TASK PROMPT: Return exactly the lines that run from the one with "this 1500×1688 image." to the last line of the entries below, both included, and nothing else.

—————

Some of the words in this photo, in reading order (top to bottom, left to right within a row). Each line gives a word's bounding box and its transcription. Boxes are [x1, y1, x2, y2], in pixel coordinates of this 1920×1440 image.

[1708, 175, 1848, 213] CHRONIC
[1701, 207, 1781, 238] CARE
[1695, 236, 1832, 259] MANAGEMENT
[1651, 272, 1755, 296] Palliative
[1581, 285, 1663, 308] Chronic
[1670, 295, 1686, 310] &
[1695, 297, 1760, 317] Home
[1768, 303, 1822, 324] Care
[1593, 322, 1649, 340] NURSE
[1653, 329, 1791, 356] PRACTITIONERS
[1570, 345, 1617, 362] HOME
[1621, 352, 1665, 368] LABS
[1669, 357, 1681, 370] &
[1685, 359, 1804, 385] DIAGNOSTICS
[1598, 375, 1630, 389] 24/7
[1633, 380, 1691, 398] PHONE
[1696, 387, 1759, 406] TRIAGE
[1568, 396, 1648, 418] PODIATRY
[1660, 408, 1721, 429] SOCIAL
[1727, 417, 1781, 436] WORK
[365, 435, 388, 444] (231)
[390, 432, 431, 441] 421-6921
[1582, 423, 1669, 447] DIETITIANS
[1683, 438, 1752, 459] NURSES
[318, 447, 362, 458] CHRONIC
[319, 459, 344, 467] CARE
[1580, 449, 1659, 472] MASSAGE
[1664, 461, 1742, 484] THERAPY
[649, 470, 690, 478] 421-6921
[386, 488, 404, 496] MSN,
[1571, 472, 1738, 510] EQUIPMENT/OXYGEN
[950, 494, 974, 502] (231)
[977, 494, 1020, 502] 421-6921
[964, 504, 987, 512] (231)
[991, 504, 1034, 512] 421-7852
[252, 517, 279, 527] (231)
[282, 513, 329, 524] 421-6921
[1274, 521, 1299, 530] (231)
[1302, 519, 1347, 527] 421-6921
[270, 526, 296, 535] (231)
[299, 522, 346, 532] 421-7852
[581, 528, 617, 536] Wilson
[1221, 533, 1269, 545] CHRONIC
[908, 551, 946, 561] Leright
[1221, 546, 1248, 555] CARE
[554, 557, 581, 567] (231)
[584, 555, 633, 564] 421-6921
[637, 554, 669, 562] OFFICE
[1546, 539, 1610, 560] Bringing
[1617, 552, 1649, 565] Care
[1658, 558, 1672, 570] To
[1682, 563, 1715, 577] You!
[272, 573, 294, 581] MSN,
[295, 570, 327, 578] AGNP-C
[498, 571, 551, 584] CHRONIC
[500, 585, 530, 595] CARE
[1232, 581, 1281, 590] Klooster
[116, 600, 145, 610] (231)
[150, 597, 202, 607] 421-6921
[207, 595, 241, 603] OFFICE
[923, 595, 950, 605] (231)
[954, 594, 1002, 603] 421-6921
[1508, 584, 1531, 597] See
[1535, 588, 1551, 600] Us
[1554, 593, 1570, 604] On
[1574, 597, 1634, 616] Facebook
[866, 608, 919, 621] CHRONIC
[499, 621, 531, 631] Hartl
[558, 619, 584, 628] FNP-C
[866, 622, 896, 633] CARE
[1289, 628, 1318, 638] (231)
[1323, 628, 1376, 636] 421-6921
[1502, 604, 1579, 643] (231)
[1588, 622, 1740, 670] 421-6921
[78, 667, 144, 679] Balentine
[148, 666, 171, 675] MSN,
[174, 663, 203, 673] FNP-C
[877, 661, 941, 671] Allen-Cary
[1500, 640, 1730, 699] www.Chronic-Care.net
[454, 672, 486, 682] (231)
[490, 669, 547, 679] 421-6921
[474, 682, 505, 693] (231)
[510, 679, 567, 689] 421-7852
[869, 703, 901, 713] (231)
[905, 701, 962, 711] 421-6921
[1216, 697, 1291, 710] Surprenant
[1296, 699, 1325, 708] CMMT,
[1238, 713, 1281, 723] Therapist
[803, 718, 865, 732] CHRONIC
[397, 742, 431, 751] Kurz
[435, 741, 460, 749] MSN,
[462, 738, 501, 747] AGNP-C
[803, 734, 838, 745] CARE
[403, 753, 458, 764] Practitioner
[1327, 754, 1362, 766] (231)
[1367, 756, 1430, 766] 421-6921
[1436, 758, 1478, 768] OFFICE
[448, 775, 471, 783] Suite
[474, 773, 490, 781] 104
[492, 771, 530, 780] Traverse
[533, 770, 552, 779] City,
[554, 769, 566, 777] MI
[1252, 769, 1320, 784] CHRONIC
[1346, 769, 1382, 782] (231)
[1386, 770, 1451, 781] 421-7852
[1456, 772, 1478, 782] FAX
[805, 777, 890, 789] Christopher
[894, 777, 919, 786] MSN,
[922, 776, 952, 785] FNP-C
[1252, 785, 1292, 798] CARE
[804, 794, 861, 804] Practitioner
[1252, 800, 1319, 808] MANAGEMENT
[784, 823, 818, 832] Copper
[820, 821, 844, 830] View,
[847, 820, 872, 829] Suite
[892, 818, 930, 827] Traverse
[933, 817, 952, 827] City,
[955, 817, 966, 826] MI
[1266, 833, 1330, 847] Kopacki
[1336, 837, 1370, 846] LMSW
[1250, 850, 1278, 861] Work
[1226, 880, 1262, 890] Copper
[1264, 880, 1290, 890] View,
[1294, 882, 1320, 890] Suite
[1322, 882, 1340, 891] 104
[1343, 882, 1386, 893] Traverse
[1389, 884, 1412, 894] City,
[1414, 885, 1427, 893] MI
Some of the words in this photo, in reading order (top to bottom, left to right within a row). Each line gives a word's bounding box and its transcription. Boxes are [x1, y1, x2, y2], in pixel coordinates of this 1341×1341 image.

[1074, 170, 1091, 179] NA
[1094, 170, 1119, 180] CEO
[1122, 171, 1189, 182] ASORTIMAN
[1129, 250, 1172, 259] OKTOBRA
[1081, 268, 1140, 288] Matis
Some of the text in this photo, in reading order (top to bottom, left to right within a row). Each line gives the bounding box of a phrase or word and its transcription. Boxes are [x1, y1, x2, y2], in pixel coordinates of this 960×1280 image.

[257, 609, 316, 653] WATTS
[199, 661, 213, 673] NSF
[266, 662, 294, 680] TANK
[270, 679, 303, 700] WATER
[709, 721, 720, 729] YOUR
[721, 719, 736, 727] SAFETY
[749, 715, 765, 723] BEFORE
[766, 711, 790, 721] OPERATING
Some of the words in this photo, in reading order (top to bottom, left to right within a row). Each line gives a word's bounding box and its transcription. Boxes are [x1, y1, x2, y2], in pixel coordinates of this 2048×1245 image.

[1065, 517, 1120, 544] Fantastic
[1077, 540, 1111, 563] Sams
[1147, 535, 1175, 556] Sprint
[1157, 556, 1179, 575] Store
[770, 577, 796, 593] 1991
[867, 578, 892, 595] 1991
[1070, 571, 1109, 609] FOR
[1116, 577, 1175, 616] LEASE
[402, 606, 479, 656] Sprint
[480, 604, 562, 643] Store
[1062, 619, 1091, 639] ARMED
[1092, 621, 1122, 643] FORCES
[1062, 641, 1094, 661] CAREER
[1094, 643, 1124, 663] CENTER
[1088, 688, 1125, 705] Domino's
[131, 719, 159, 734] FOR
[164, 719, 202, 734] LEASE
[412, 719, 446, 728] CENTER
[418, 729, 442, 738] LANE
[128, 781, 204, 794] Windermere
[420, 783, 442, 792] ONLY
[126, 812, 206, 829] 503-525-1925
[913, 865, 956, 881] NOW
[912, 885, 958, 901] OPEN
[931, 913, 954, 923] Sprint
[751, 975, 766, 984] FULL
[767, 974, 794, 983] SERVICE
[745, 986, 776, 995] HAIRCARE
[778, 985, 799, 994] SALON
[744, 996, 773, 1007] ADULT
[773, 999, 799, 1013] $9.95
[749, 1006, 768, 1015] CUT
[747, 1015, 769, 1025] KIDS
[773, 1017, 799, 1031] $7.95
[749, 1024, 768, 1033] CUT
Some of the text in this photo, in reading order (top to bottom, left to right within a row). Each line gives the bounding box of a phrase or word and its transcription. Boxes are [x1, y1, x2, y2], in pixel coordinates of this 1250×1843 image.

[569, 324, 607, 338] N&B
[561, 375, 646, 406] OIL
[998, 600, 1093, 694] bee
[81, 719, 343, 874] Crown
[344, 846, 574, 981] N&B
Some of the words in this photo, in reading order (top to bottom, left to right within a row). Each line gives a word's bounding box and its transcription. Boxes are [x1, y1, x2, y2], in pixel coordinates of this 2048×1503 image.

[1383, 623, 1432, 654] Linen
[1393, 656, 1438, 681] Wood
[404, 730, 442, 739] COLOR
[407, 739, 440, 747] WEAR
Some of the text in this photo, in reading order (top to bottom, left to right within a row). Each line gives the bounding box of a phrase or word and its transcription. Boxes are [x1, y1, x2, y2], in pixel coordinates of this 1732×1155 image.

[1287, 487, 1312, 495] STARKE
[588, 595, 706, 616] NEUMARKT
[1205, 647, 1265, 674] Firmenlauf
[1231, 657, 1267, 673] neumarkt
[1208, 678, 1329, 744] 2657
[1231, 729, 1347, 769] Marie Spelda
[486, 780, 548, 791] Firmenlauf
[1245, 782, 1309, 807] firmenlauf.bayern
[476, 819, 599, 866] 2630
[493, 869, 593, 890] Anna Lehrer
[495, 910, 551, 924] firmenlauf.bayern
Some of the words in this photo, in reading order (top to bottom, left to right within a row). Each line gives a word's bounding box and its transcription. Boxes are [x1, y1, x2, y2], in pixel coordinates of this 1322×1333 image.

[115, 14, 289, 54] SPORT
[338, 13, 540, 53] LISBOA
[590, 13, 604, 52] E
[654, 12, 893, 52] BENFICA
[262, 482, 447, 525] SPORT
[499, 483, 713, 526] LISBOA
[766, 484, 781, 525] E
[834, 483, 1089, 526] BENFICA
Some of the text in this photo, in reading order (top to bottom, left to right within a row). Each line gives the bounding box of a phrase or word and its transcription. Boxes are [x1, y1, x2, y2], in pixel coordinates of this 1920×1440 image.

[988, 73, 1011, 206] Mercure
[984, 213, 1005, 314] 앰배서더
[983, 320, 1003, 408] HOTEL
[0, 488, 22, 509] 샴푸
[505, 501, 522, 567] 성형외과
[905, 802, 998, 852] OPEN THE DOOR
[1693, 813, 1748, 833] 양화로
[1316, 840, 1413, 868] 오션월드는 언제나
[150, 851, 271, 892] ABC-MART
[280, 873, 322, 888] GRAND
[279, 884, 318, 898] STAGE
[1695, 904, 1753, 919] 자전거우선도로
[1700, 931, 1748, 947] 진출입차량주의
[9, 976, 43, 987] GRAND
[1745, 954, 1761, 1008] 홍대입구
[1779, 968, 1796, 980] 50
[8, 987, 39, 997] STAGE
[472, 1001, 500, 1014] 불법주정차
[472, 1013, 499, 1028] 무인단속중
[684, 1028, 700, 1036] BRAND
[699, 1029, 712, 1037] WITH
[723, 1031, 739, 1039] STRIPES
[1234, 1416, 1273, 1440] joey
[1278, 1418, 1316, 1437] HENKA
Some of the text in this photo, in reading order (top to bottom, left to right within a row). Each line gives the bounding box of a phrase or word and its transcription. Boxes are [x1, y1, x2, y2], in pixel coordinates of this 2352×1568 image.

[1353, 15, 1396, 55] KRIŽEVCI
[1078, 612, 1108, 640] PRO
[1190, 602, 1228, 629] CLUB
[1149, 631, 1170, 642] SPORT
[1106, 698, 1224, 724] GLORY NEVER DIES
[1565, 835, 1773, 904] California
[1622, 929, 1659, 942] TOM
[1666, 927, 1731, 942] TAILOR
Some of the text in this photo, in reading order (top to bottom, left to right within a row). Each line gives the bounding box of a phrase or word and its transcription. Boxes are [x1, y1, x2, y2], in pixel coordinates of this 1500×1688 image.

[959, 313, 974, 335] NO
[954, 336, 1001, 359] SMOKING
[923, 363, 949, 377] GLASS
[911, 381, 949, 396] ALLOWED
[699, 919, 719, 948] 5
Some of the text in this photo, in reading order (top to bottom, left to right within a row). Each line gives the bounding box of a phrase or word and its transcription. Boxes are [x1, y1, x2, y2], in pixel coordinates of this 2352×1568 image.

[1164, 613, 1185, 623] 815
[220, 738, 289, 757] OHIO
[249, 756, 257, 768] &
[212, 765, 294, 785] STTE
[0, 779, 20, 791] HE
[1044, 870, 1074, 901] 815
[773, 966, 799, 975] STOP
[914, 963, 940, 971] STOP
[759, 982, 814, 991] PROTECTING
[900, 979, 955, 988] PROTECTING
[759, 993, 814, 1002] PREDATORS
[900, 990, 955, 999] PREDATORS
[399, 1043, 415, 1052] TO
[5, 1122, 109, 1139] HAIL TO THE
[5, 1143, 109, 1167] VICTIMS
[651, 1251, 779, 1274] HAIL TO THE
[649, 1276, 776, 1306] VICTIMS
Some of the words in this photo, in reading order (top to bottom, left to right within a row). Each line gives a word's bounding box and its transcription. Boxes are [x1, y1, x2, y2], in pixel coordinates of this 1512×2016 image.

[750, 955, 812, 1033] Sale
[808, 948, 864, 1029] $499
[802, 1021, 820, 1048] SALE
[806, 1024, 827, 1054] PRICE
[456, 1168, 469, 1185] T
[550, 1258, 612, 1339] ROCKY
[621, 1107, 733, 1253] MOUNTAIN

—————

SOLUTION TO THE PROBLEM:
Some of the text in this photo, in reading order (top to bottom, left to right within a row). Each line gives the bounding box of a phrase or word and its transcription. Boxes are [x1, y1, x2, y2], in pixel coordinates of this 1500×1688 image.

[959, 313, 974, 335] NO
[954, 336, 1001, 359] SMOKING
[923, 363, 949, 377] GLASS
[911, 381, 949, 396] ALLOWED
[699, 919, 719, 948] 5
Some of the text in this photo, in reading order (top to bottom, left to right within a row). Each line gives the bounding box of a phrase or word and its transcription. Boxes are [x1, y1, x2, y2], in pixel coordinates of this 2352×1568 image.

[1164, 613, 1185, 623] 815
[220, 738, 289, 757] OHIO
[249, 756, 257, 768] &
[212, 765, 294, 785] STTE
[0, 779, 20, 791] HE
[1044, 870, 1074, 901] 815
[773, 966, 799, 975] STOP
[914, 963, 940, 971] STOP
[759, 982, 814, 991] PROTECTING
[900, 979, 955, 988] PROTECTING
[759, 993, 814, 1002] PREDATORS
[900, 990, 955, 999] PREDATORS
[399, 1043, 415, 1052] TO
[5, 1122, 109, 1139] HAIL TO THE
[5, 1143, 109, 1167] VICTIMS
[651, 1251, 779, 1274] HAIL TO THE
[649, 1276, 776, 1306] VICTIMS
Some of the words in this photo, in reading order (top to bottom, left to right within a row). Each line gives a word's bounding box and its transcription. Boxes are [x1, y1, x2, y2], in pixel coordinates of this 1512×2016 image.

[750, 955, 812, 1033] Sale
[808, 948, 864, 1029] $499
[802, 1021, 820, 1048] SALE
[806, 1024, 827, 1054] PRICE
[456, 1168, 469, 1185] T
[550, 1258, 612, 1339] ROCKY
[621, 1107, 733, 1253] MOUNTAIN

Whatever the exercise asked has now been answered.